With Newcastle United and Rangers making news with each other recently with the Mike Ashley Retail links, we recall the remarkable, one and only competitive encounter between the two. The Scots versus the English-- old adversaries, head to head, no quarter offered.
United, against all the chances, had actually fought through to the semi-finals of the Inter-City Fairs Cup. Ending up 10th the season before, the Magpies got into Europe on the one-city policy which existed at the time. The Toon Army had taken European football to their hearts, packing out Gallowgate as the black-and-whites had actually progressed through the tournament, disposing out top quality resistance from Feyenoord, Sporting Lison and Real Zaragoza long the way.
Rangers had seen off FK Vojvodina, Dundalk and DWS on the way to set up the meeting with the Gateshead club.
The semi-final matched the Magpies against The Teddy Bears. Greater than 12,000 Geordies were amongst a 70,000 crowd at Ibrox to see United grind out a 0-0 draw in the away leg.

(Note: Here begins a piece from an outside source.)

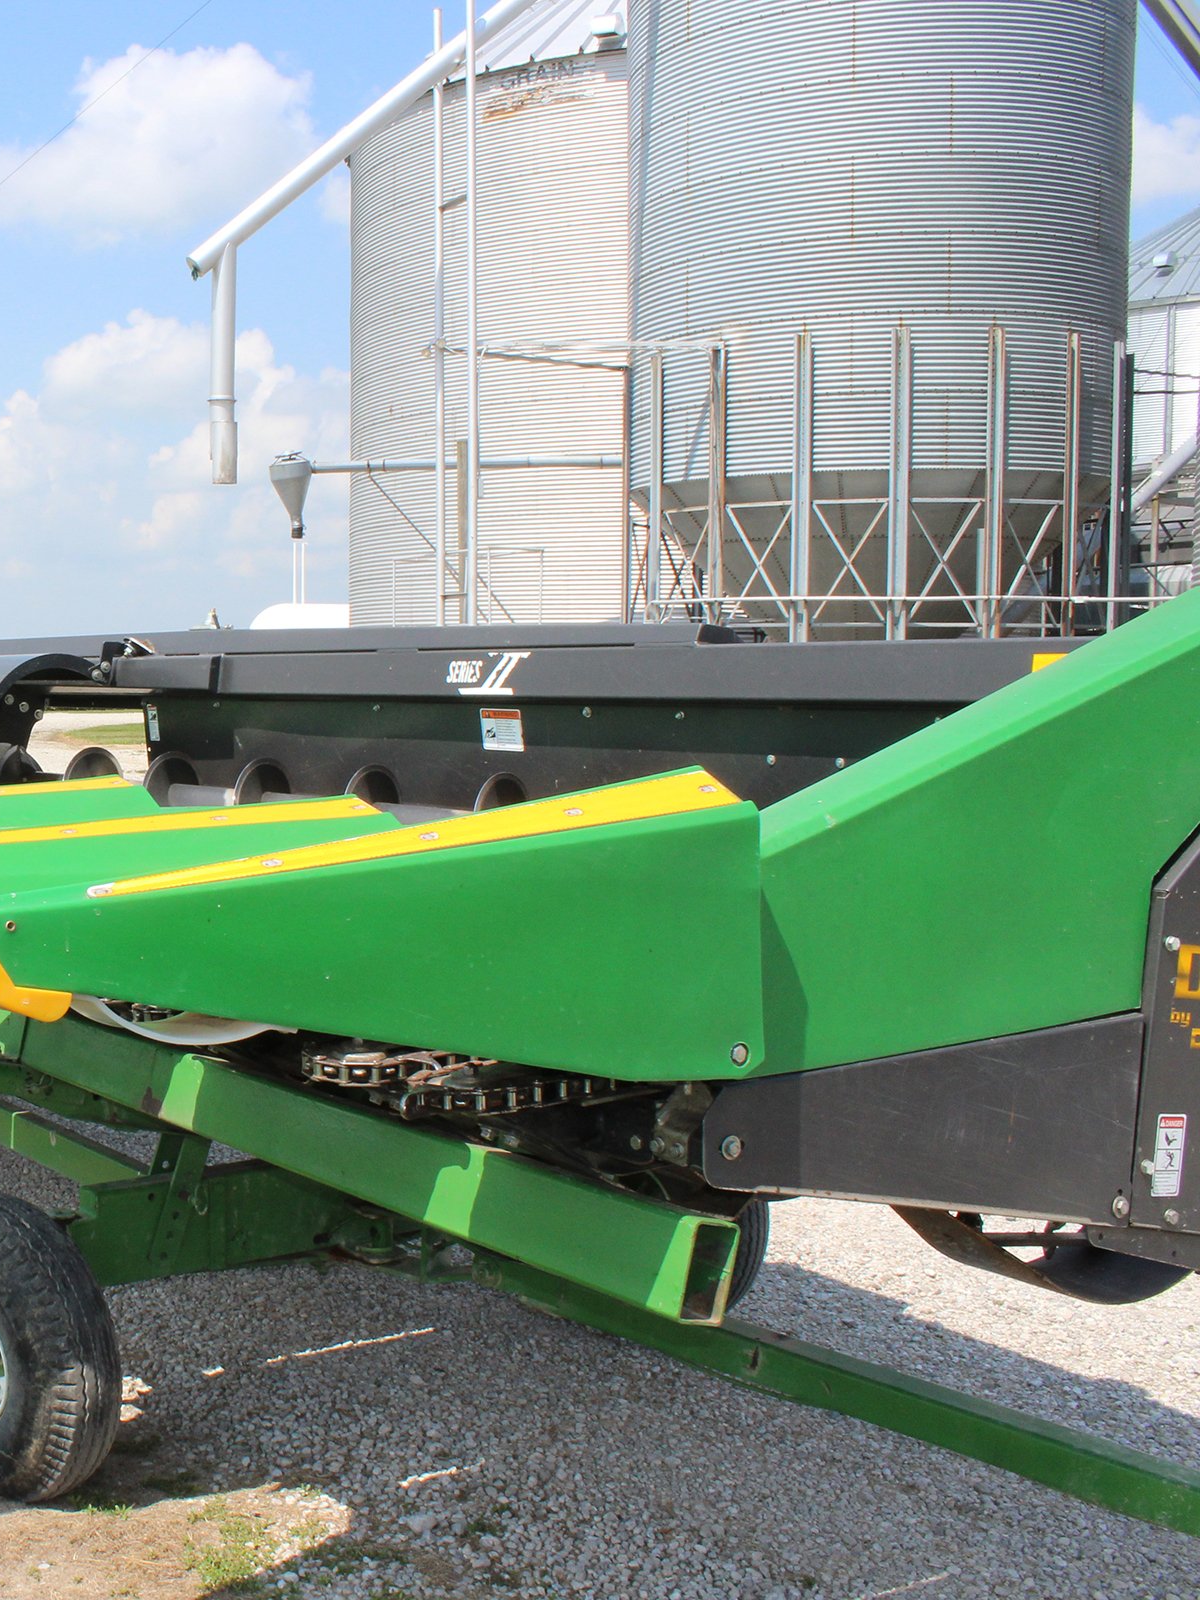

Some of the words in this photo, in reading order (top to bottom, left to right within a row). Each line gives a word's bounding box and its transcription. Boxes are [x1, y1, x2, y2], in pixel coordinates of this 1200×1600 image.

A week later, a 60,000 all-ticket crowd at St James' saw United win 2-0, with the second goal in the 77th minute seeing all hell break loose and crowds of intoxicated Scottish followers stream out of the Gallowgate End and also on to the pitch. Container and canisters flew with the air as fans battled with police. It took almost 20 minutes for cops to restore order.
United's victory scheduled them a spot in the final, yet the following day's media focused on the 'night of shame'. The Chronicle substantially reported that Policemen stood shoulder-to-shoulder behind the goal, defiantly gazing at the hordes of fans they had actually just driven off the St James' Park pitch. For 17 minutes, the Battle of Gallowgate surged.

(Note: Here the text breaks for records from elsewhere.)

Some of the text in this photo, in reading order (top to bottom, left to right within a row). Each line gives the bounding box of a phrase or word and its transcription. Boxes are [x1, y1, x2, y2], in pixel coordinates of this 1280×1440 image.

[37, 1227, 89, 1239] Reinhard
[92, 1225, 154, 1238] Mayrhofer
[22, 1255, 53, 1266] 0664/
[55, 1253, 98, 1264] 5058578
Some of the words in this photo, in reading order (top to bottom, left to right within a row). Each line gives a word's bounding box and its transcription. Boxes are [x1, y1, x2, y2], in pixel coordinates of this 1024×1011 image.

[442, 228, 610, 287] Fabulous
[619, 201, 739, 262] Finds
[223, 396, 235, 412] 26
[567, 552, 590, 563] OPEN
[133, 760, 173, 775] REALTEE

United won the fight on the pitch to reach the last yet it was a day the Tyneside authorities would certainly always remember with the checking out fans creating outright chaos.
It was reported that a glass as well as litter-strewn Newcastle city centre was counting the expense of a huge clean-up as stores, hostelries, and also even some private residences took the force of the damage after the video game. At the same time, police commended fans of both clubs who refused to be attracted right into the battle royal.
Recalling, it could be considered as the begin of a dark age for football, and also the game would certainly be plagued throughout the 1970s as well as 1980s by hooliganism as well as violence.
Beating Rangers the previous week had provided everybody at the club a significant boost as well as the interest in the city in the days leading up to the match was extraordinary, like absolutely nothing previously seen. More of the Newcastle faithful were able to enjoy it this time, unlike the Rangers game when the Gers fans had much of the Gallowgate End.
The league campaign had ended with the Magpies in 9th place. With no domestic action left to take care of, up there were no interruptions in the run up to the final on the Thursday evening, back then it wasn't a common day to be playing. Due to the fact that Ajax were playing Milan in the European Cup Final on the Wednesday, they made Newcastle play on the Thursday.